Thank you very much in advance ......
[18 Sep 2017 7:53] Simon Mudd
Hi.

The included log file shows the size of the buffer pool:

2017-09-11T16:06:54.027706Z 1 [Note] InnoDB: Initializing buffer pool, total size = 99.875G, instances = 47, chunk size = 128M

The server has 128 GB of RAM.

You also asked for this:

== snip ===
root@myserver [(none)]> SELECT count(*) FROM performance_schema.data_locks;
ERROR 1146 (42S02): Table 'performance_schema.data_locks' doesn't exist
root@myserver [(none)]> select @@version;
+--------------+
| @@version    |
+--------------+
| 8.0.3-rc-log |
+--------------+
1 row in set (0.00 sec)
== snip ===

So I'm missing something or 8.0.3 is not running properly.
[18 Sep 2017 7:55] Simon Mudd
Hmm. Sorry for pasting information from the wrong server.

The 8.0.1 box I had has been thrown away as I'm now testing 8.0.3 so I can't provide you with the output from that server any more. I was simply reporting the issue I saw in case it was of use.

That said the server this bug was reported for 8.0.1 also had 128GB of RAM.
[18 Sep 2017 8:30] Simon Mudd
If relevant I do have the server's configuration recorded if that's of interest.
[2 Oct 2017 11:23] Sinisa Milivojevic
Hi,

First of all, sorry for the late reply as I was away on vacation ....

It would be nice if you could repeat the bug on 8.0.3, but 8.0.1 is fine too.

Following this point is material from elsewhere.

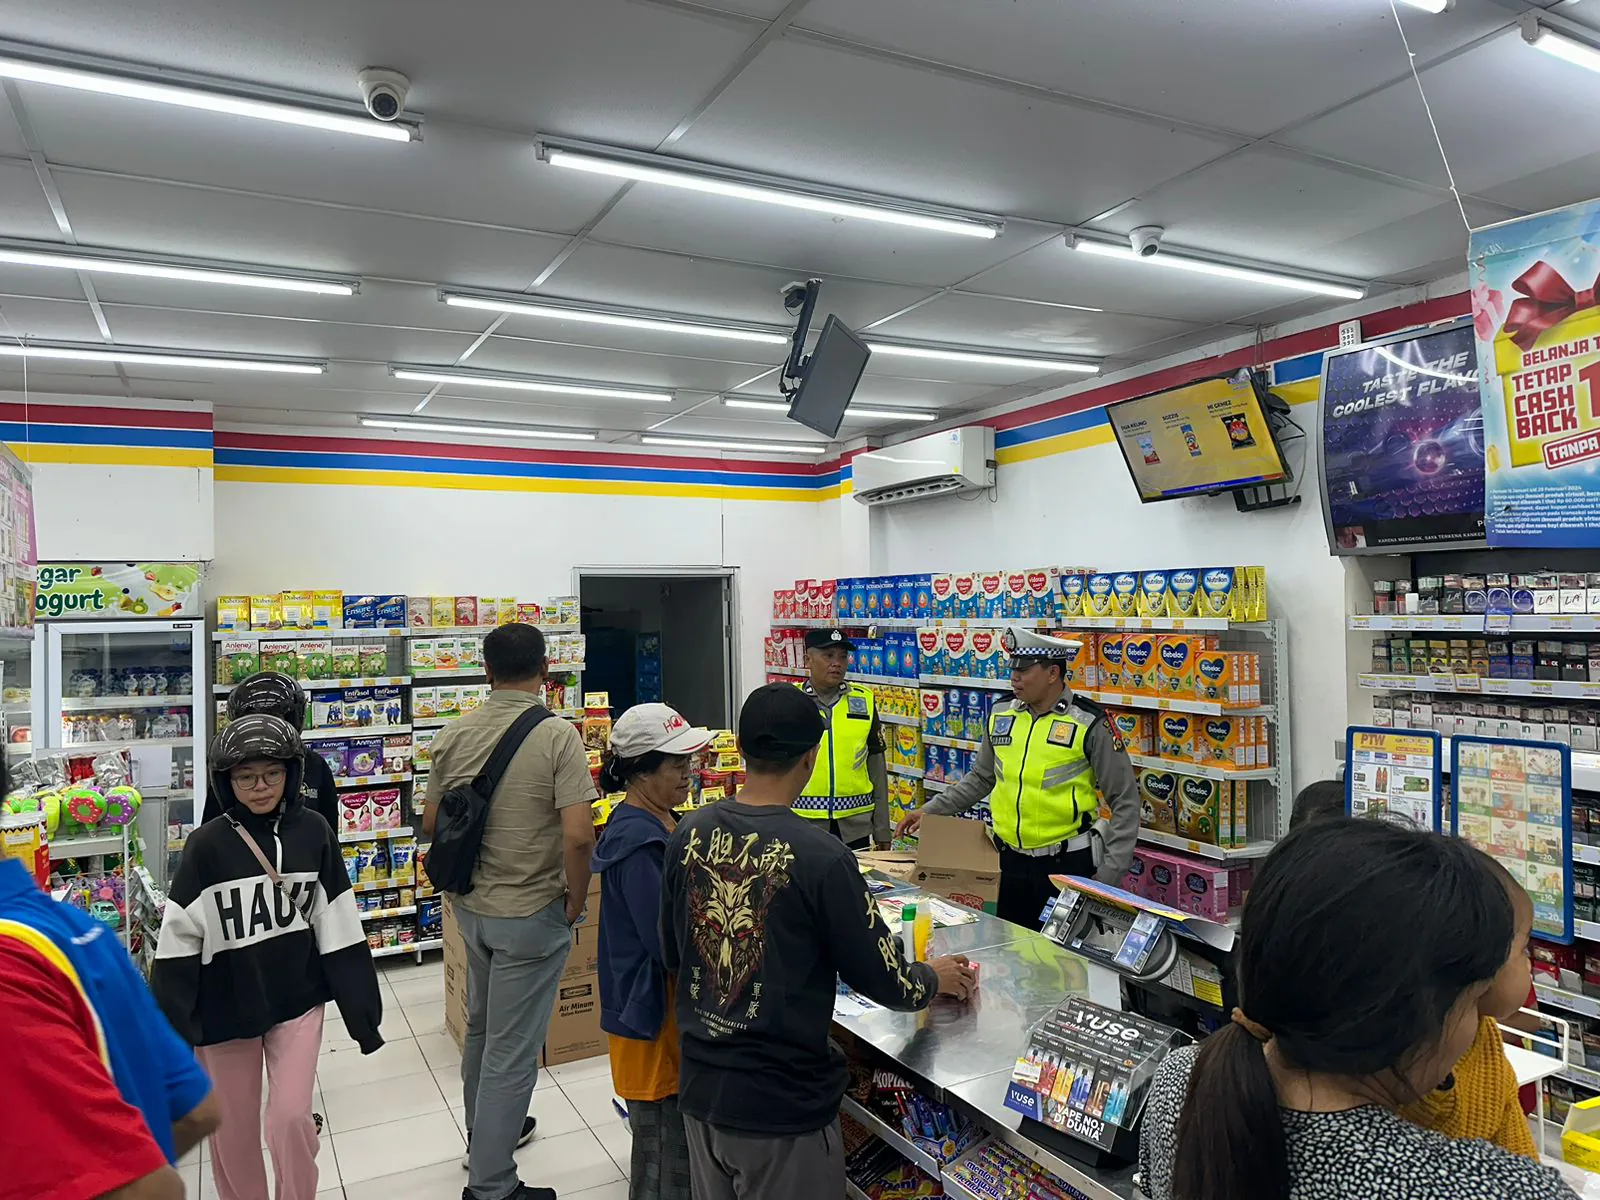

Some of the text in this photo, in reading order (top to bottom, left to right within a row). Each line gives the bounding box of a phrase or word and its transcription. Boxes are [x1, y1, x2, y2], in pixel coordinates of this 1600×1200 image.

We need the approximate amount of RAM available prior to the exception being thrown and the approximate number of rows in that P_S table. Then, we shall be happy to verify it.

Thank you very much in advance ....
[3 Nov 2017 1:00] Bugs System
No feedback was provided for this bug for over a month, so it is
being suspended automatically. If you are able to provide the
information that was originally requested, please do so and change
the status of the bug back to "Open".
[27 Nov 2018 8:42] Daniël van Eeden
On 8.0.13:

terminate called after throwing an instance of 'std::bad_alloc'
  what():  std::bad_alloc
08:38:48 UTC - mysqld got signal 6 ;
This could be because you hit a bug. It is also possible that this binary
or one of the libraries it was linked against is corrupt, improperly built,
or misconfigured. This error can also be caused by malfunctioning hardware.
Attempting to collect some information that could help diagnose the problem.
As this is a crash and something is definitely wrong, the information
collection process might fail.

key_buffer_size=268435456
read_buffer_size=131072
max_used_connections=27
max_threads=10000
thread_count=26
connection_count=24
It is possible that mysqld could use up to 
key_buffer_size + (read_buffer_size + sort_buffer_size)*max_threads = 11892769 K  bytes of memory
Hope that's ok; if not, decrease some variables in the equation.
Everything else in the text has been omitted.